Ultrasonic frequency is discussed later in this post.
How Heat is “Automatically” Created in an Ultrasonic Cleaner
Heater-equipped ultrasonic cleaners speed reaching the desired cleaning solution temperature. But heat is also “automatically” created as well. Here’s why:
Ultrasonic cleaners use generators and transducers that cause the bottom (and sides in some models) of ultrasonic cleaner solution tanks to vibrate as a membrane.
This vibration produces billions of micron-sized vacuum bubbles that implode through a process called cavitation.
The implosion of bubbles against surfaces to be cleaned blasts loose and carries away contaminants far faster and, in most cases safer, than can be achieved by manual cleaning techniques.

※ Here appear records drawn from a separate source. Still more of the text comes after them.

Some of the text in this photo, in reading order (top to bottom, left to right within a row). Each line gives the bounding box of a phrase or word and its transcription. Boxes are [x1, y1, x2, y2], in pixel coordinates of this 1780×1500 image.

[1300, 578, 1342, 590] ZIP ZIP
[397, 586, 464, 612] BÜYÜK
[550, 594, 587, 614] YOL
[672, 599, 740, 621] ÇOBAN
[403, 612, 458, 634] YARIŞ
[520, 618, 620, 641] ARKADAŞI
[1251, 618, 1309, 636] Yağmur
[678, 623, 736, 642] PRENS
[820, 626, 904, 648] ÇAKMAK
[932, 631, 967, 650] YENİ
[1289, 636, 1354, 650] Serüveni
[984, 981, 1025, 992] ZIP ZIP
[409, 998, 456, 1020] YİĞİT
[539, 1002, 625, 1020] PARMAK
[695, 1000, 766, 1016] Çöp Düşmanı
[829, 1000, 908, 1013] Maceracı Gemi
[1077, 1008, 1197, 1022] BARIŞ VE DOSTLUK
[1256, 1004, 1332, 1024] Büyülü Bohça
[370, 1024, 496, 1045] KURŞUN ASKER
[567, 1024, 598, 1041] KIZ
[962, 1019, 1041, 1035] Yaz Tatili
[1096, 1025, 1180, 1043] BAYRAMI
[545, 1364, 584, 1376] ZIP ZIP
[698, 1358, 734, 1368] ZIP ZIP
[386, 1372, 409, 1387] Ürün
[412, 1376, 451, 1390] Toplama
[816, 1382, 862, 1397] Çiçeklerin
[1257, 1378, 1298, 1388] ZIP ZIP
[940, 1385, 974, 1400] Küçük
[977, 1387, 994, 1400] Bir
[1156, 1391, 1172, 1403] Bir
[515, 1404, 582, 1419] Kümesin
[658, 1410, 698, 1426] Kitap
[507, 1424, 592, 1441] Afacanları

Implosions create enormous temperatures on the order of 5,000⁰C. But the bubbles are so small that heat dissipates rapidly. Cleaning solution temperature is relatively unaffected.
Nevertheless, cleaning solution temperature does increase during long cleaning cycles. In fact, during long-term operation cleaning bath temperatures exceeding 60°C (140⁰F) can be reached simply by ultrasonic energy.

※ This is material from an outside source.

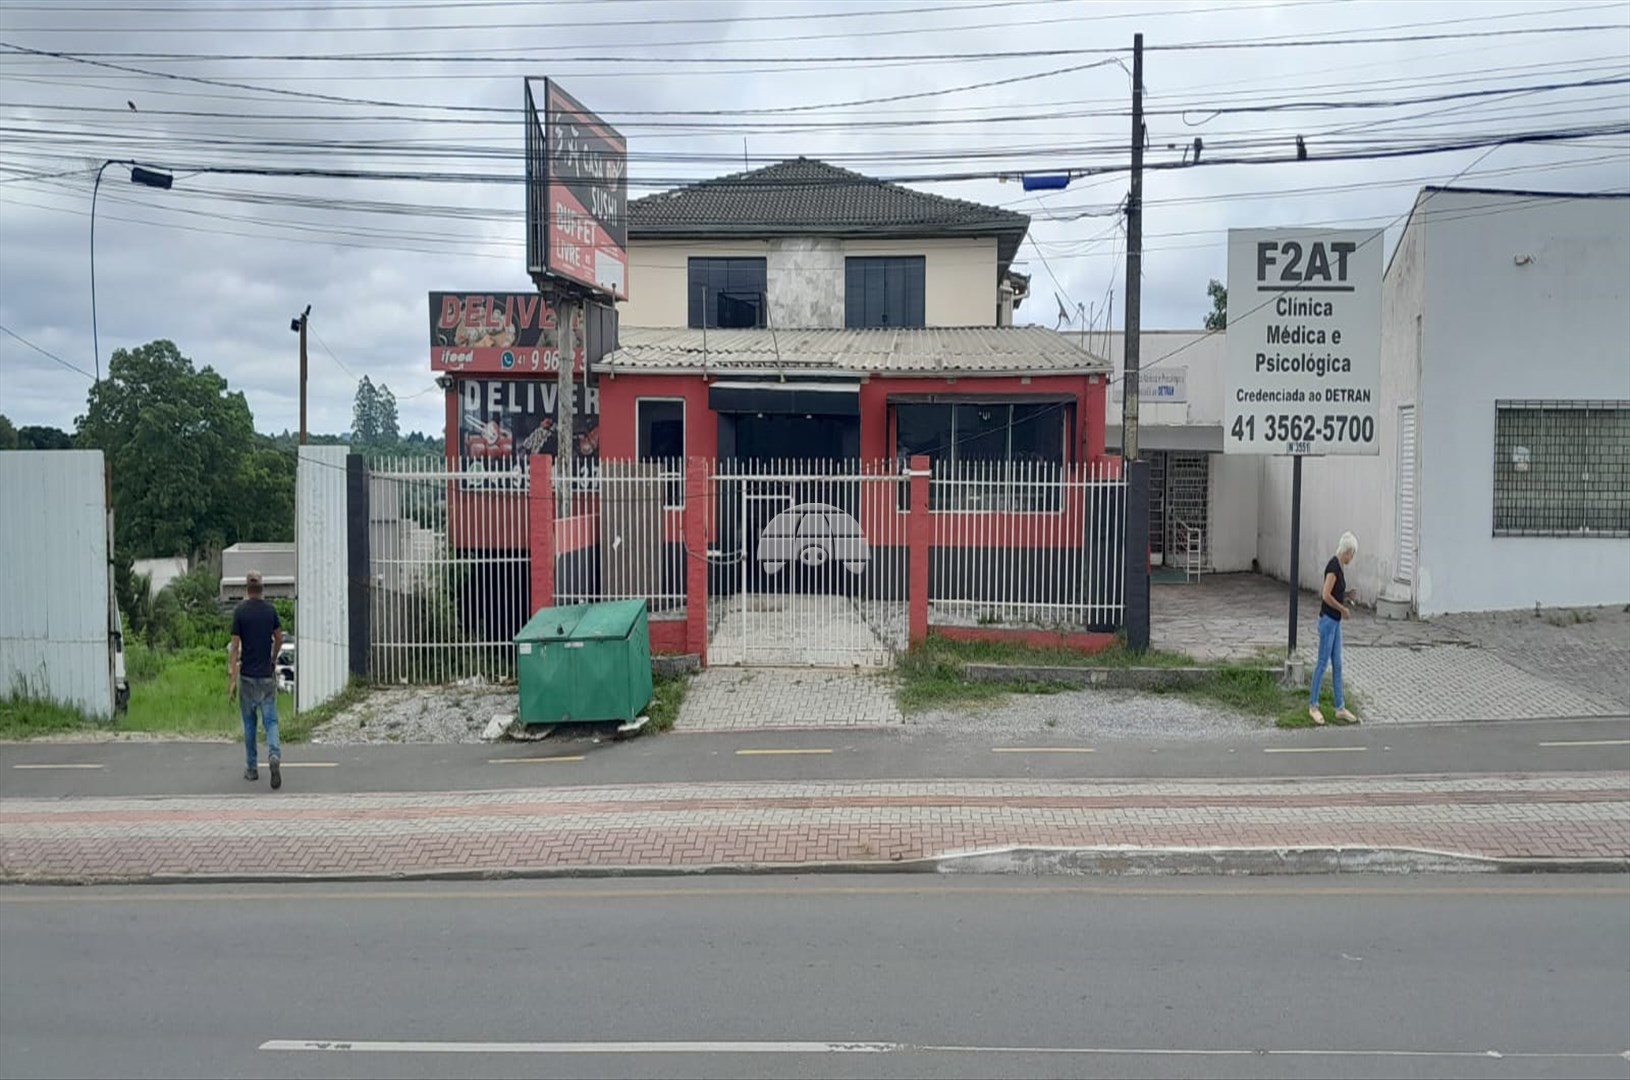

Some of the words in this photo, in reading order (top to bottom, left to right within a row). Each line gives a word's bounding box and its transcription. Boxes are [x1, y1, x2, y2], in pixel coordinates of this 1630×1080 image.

This, as well as for other reasons, makes it is unwise to reach into an operating ultrasonic cleaning bath.
Ultrasonic Cleaner Heat: More is Not Always Better
When it comes to a heated ultrasonic cleaner there are two important points to keep in mind. First of all, there’s a limit to when increasing the temperature contributes to the cleaning process. As the cleaning solution temperature increases cavitation action decreases.
That is why heater-equipped ultrasonic cleaners such as the Elma line offered by Tovatech have thermostats with a maximum temperature setting of 80⁰C (176⁰F).
There are, of course, exceptions. Some highly caustic cleaners used for cleaning iron, steel and stainless steel are used at higher temperatures. An example is cleaning jet engine fuel injectors at a temperature of 90⁰C for one hour.
Many heated ultrasonic cleaners are designed to initiate the cavitation process when the set temperature is reached, and provide LED indicators showing the target and actual solutions temperature.
Heated ultrasonic cleaners may be equipped to automatically shut off when solution temperatures get too high.
When Not to Use a Heated Ultrasonic Cleaner
There are certain applications where heat is not necessarily desirable when using an ultrasonic cleaner.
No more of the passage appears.